Album: Object Permanence

Label: Weird Forest

Review date: Jun. 8, 2012


When the beginning of “Short Solitude” bursts through the speakers three-fourths of the way through Object Permanence like a technicolor explosion, it’s surprising. It’s not a surprise, however, that Excavacations have changed things up yet again. Object Permanence, clocking in at a hefty 70 minutes, compiles material from Excavacations’ cassette releases of the last three years, with the addition of four brand new tracks. The end result is an album that doesn’t quite go in 19 different directions, but can certainly feel that way.

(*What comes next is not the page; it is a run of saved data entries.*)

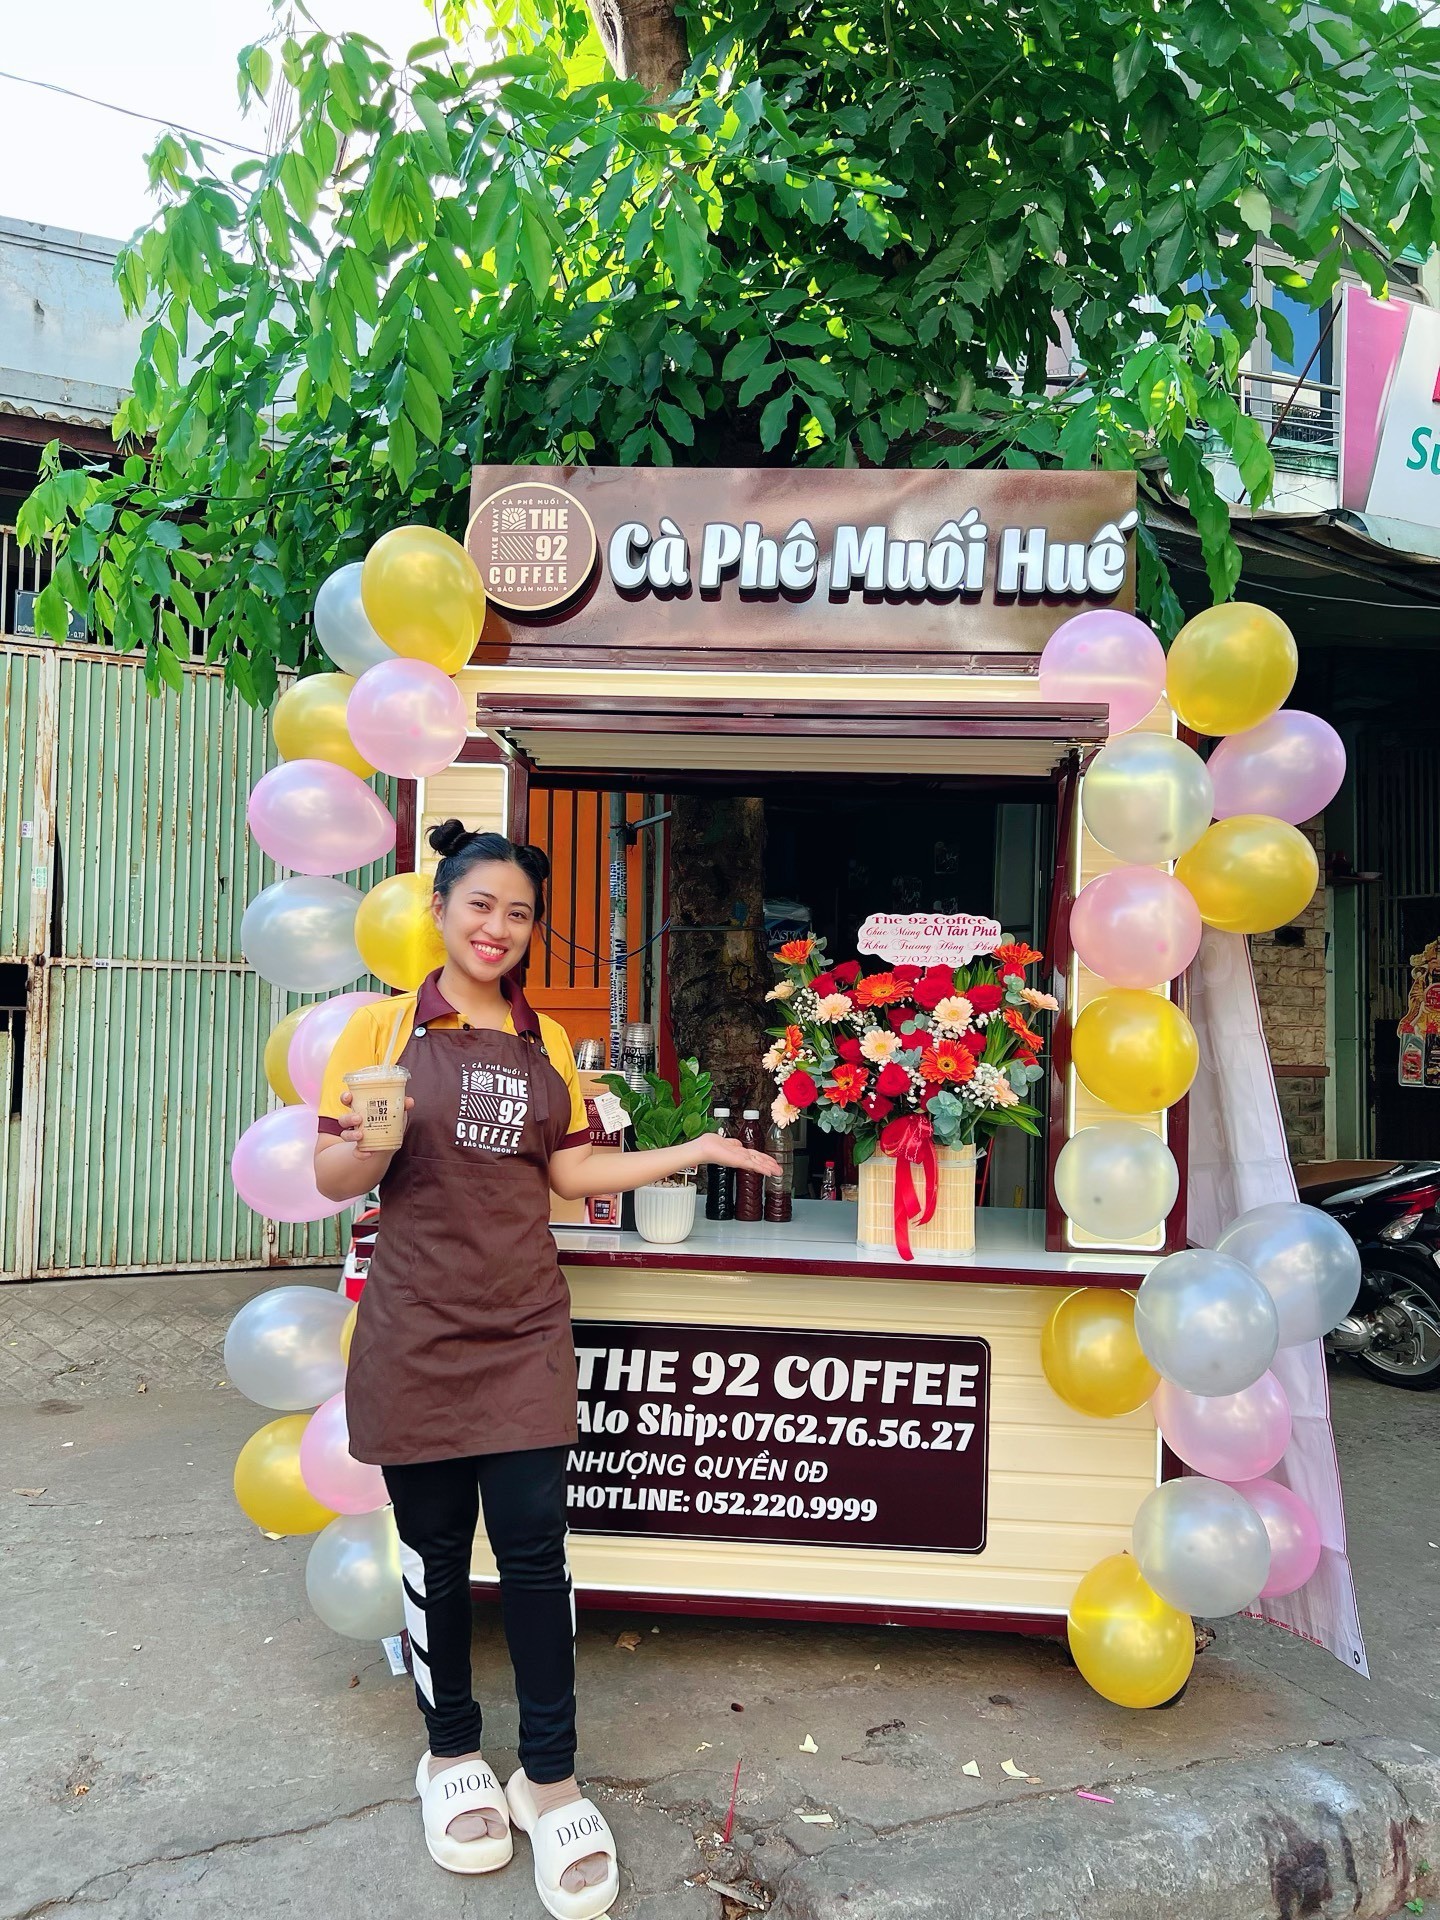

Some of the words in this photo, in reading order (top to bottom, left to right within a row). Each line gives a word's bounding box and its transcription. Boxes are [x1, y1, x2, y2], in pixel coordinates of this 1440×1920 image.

[538, 497, 560, 505] MUỐI
[492, 508, 500, 533] AWAY
[529, 508, 568, 530] THE
[535, 535, 568, 561] 92
[607, 515, 690, 592] Cà
[700, 517, 818, 591] Phê
[830, 507, 987, 592] Muối
[998, 508, 1140, 593] Huế
[489, 566, 568, 585] COFFEE
[872, 916, 902, 925] The
[908, 916, 928, 925] 92
[934, 916, 987, 925] Coffee
[924, 925, 943, 936] CN
[948, 925, 968, 936] Tân
[972, 925, 998, 937] Phú
[860, 938, 889, 950] Khai
[892, 955, 965, 963] 27/02/2024
[486, 1063, 500, 1071] PHÊ
[503, 1067, 520, 1076] MUỐI
[495, 1073, 529, 1098] THE
[379, 1107, 388, 1115] 92
[459, 1093, 468, 1116] TAKE
[497, 1099, 528, 1126] 92
[456, 1122, 522, 1148] COFFEE
[589, 1131, 618, 1141] OFFEE
[574, 1347, 679, 1393] THE
[692, 1351, 760, 1397] 92
[773, 1355, 980, 1408] COFFEE
[577, 1400, 630, 1434] Alo
[565, 1449, 687, 1480] NHƯỢNG
[694, 1449, 789, 1483] QUYỀN
[566, 1485, 691, 1513] HOTLINE:
[695, 1490, 878, 1522] 052.220.9999
[443, 1772, 495, 1801] DIOR
[556, 1813, 604, 1848] DIOR

A greatest hits compilation can offer an interesting view of a band’s lifespan, collapsing years like an accordion, a time-lapse look at what’s changed over time and what hasn’t. Object Permanence is a compilation of a different breed, an introduction rather than retrospective, but it offers a similar grand-scale perspective. There’s no clean evolutionary curve to Excavacations’ sound. Theirs is a more scattershot bouncing between rock songs and instrumental drones, between heartfelt lyrics and moody atmospherics. Excavacations don’t often do the same trick twice, and even among the more straightforward songs, there’s variety in tone and technique. This can create awkward abutments, like the move from the swirling fog and chiming chords of “Yonsish” into the jaunty circus pop of “Silver Salver.” It’s understandable when an artist chooses to steer various musical inclinations into different projects to preserve some stylistic homogeneity in each. Nicholas Longworth and Chad Parsons, however, go all-in with Excavacations, giving the band as many sides as a dodecahedron.

Since Object Permanence will be most people’s introduction to Excavacations, it makes sense for the duo to create as varied and plentiful an album as possible. I get the sense that while Excavations’ pride themselves on the diversity of their sound, they also take care to craft their music in a way that mitigates that diversity to some extent. Segues preserved from previous albums indicate attention paid to the transition of one track to the next, and “Porter,” an 11-minute song that’s one of the album’s finest, exhibits the interplay between the duo’s multiple personalities and their ability to make it all mesh in a single, sprawling package. Object Permanence is an uneven album, almost by definition, and not something that’s easy to listen to from beginning to end: Longworth and Parsons bring to mind, at times, that old trope about being jacks of all trades and masters of none. There’s something admirable about the pursuit, however, and some good stuff worth digging up in Excavacations’ on-again/off-again CD debut.